For Claude Code deployments, treat reasoning depth as a user-facing control and treat `MAX_THINKING_TOKENS` as the provider-side budget cap.

Recommended practice:

- Use a stable default effort for most sessions.
- Raise effort only when the task genuinely needs deeper reasoning.
- Keep reasoning out of cache-key construction.
- Let ferryllm normalize provider-specific inputs into `IR.reasoning`.

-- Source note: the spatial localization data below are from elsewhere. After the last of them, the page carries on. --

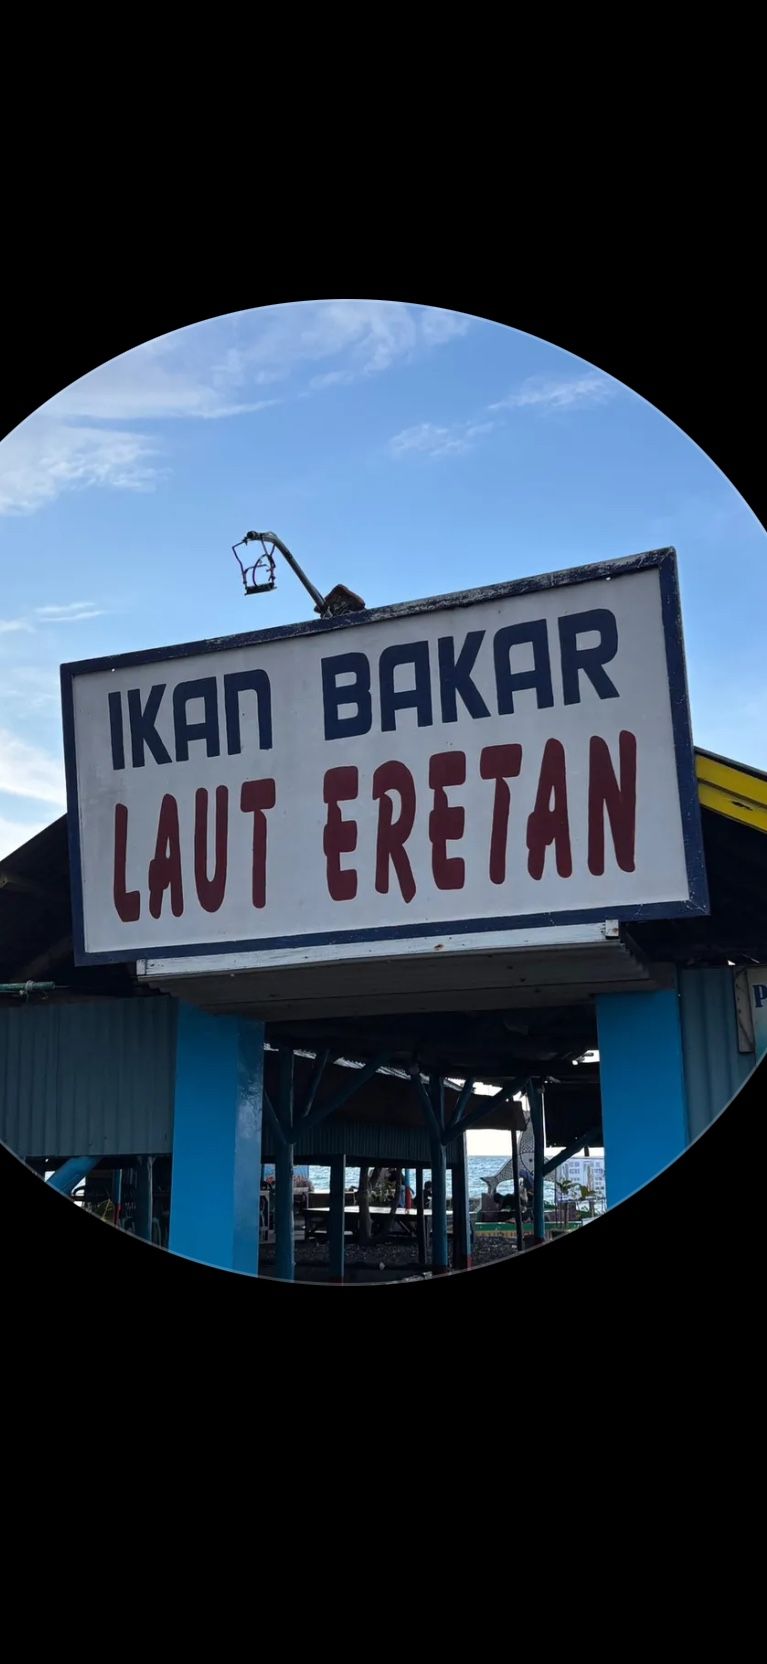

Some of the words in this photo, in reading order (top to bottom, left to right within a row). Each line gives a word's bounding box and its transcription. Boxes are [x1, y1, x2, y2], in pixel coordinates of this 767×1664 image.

[108, 669, 273, 771] IKAN
[321, 608, 620, 741] BAKAR
[113, 778, 276, 922] LAUT
[323, 730, 637, 904] ERETAN
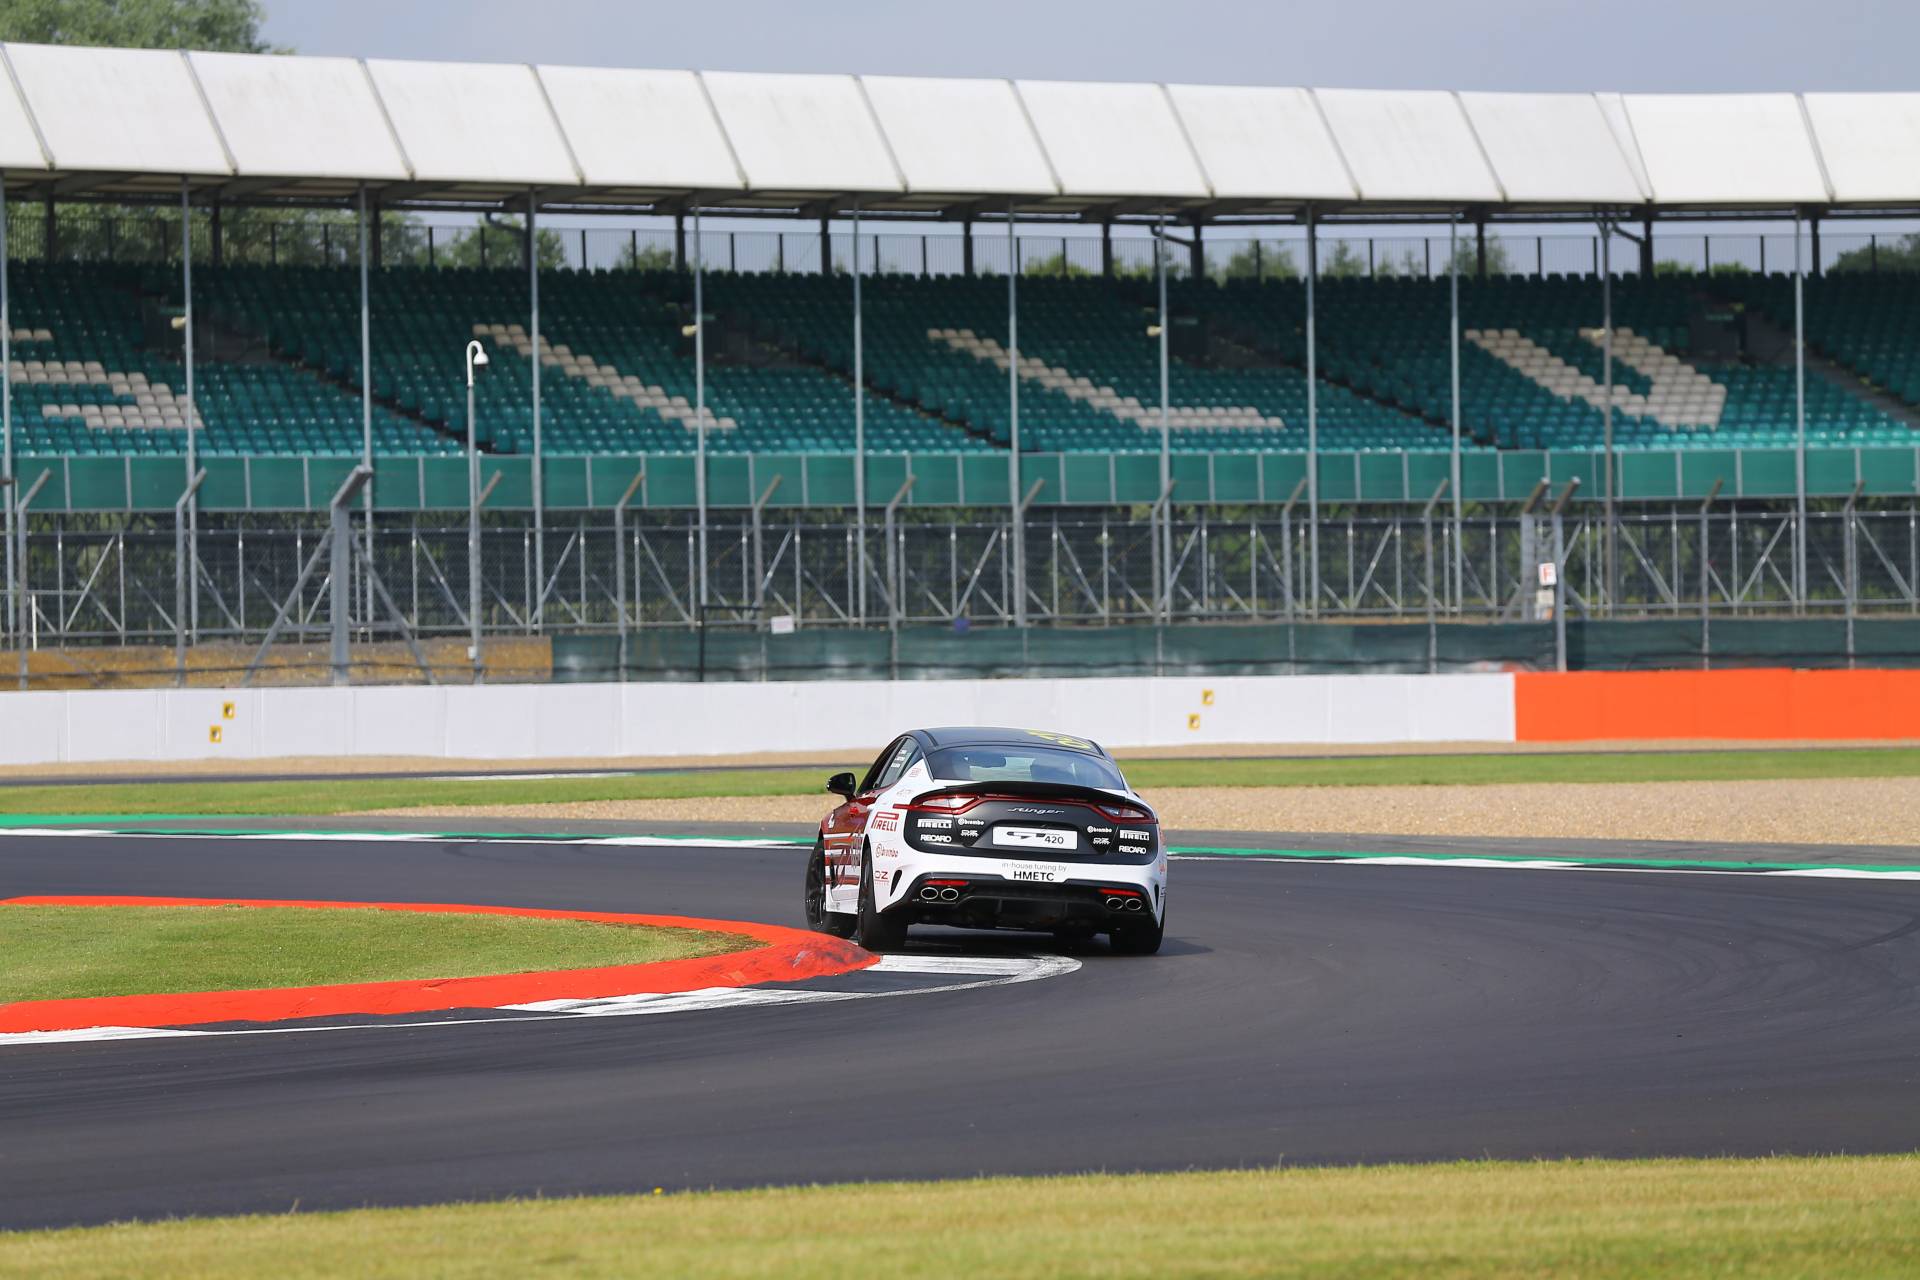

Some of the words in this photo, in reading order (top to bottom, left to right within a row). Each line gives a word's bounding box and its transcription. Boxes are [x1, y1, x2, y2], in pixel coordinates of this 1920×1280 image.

[1007, 806, 1065, 815] Stinger
[871, 811, 900, 832] PIRELLI
[917, 818, 952, 829] PIRELLI
[963, 818, 985, 826] brembo
[920, 833, 952, 843] RECARO
[1044, 836, 1064, 844] 420
[1119, 829, 1150, 841] PIRELLI
[1118, 845, 1147, 855] RECARO
[1001, 862, 1033, 870] in-house
[1034, 864, 1057, 872] tuning
[1058, 864, 1067, 872] by
[874, 870, 889, 880] OZ
[1013, 870, 1055, 881] HMETC

This keeps behavior predictable while avoiding unnecessary cache fragmentation.

In practice:

- Claude Code sets the thinking budget through its own configuration.
- ferryllm reads Anthropic `thinking` input when present.
- ferryllm can apply a stable `server.default_reasoning_effort` when the client omits reasoning controls.
- ferryllm maps that into a formal IR field.
- downstream adapters translate that field into the target provider's native parameter.

That preserves a single semantic control path without turning reasoning into opaque passthrough data.

Example server default:

```toml
[server]
default_reasoning_effort = "medium"
```

To inspect the translated provider parameter during troubleshooting, run with debug logging and look for `reasoning=effort=...` in the outbound request shape log.